# Your instructions
Each entry below should be printed exactly, with every image left out.

# Data to examine
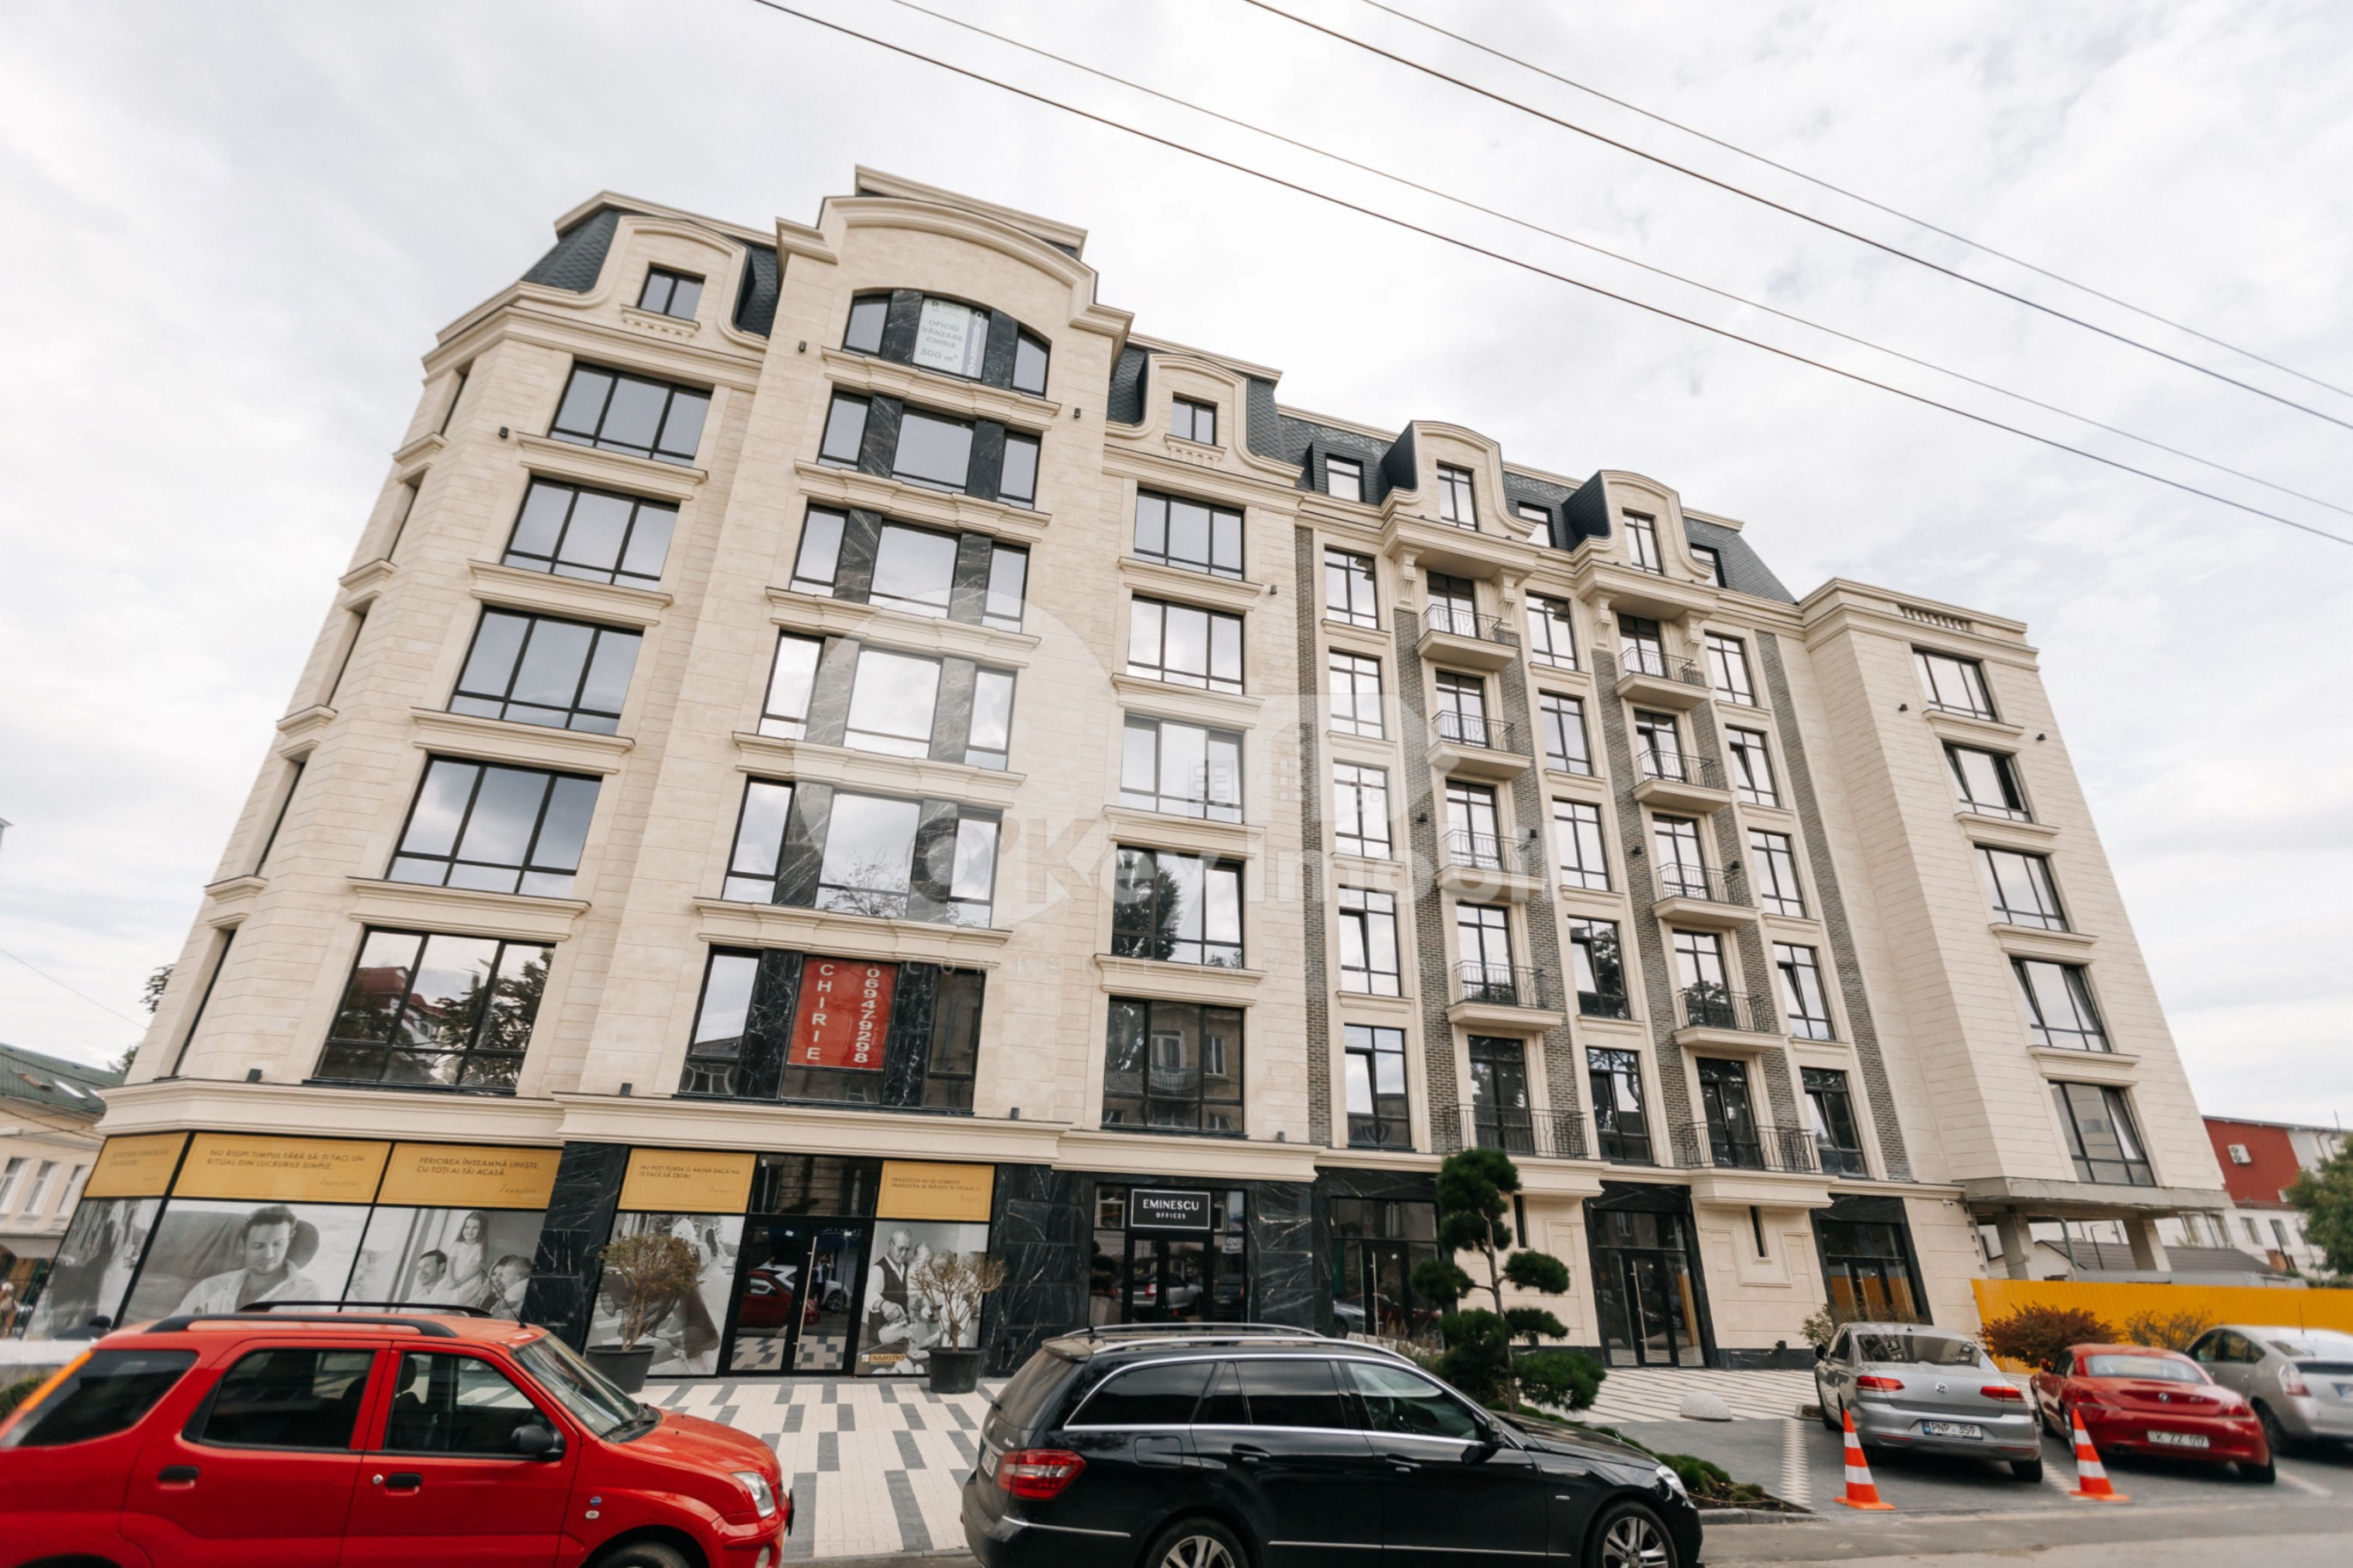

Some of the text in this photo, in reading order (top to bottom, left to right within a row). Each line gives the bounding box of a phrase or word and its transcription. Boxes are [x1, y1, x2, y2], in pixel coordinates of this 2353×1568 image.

[929, 319, 960, 332] OFICIU
[926, 336, 956, 349] CHIRIE
[920, 348, 942, 359] 300
[806, 964, 835, 1060] CHIRIE
[853, 968, 881, 1064] 069479298
[1143, 1199, 1199, 1211] EMINESCU

# Solution for this task
Some of the text in this photo, in reading order (top to bottom, left to right within a row). Each line gives the bounding box of a phrase or word and its transcription. Boxes are [x1, y1, x2, y2], in pixel coordinates of this 2353×1568 image.

[929, 319, 960, 332] OFICIU
[926, 336, 956, 349] CHIRIE
[920, 348, 942, 359] 300
[806, 964, 835, 1060] CHIRIE
[853, 968, 881, 1064] 069479298
[1143, 1199, 1199, 1211] EMINESCU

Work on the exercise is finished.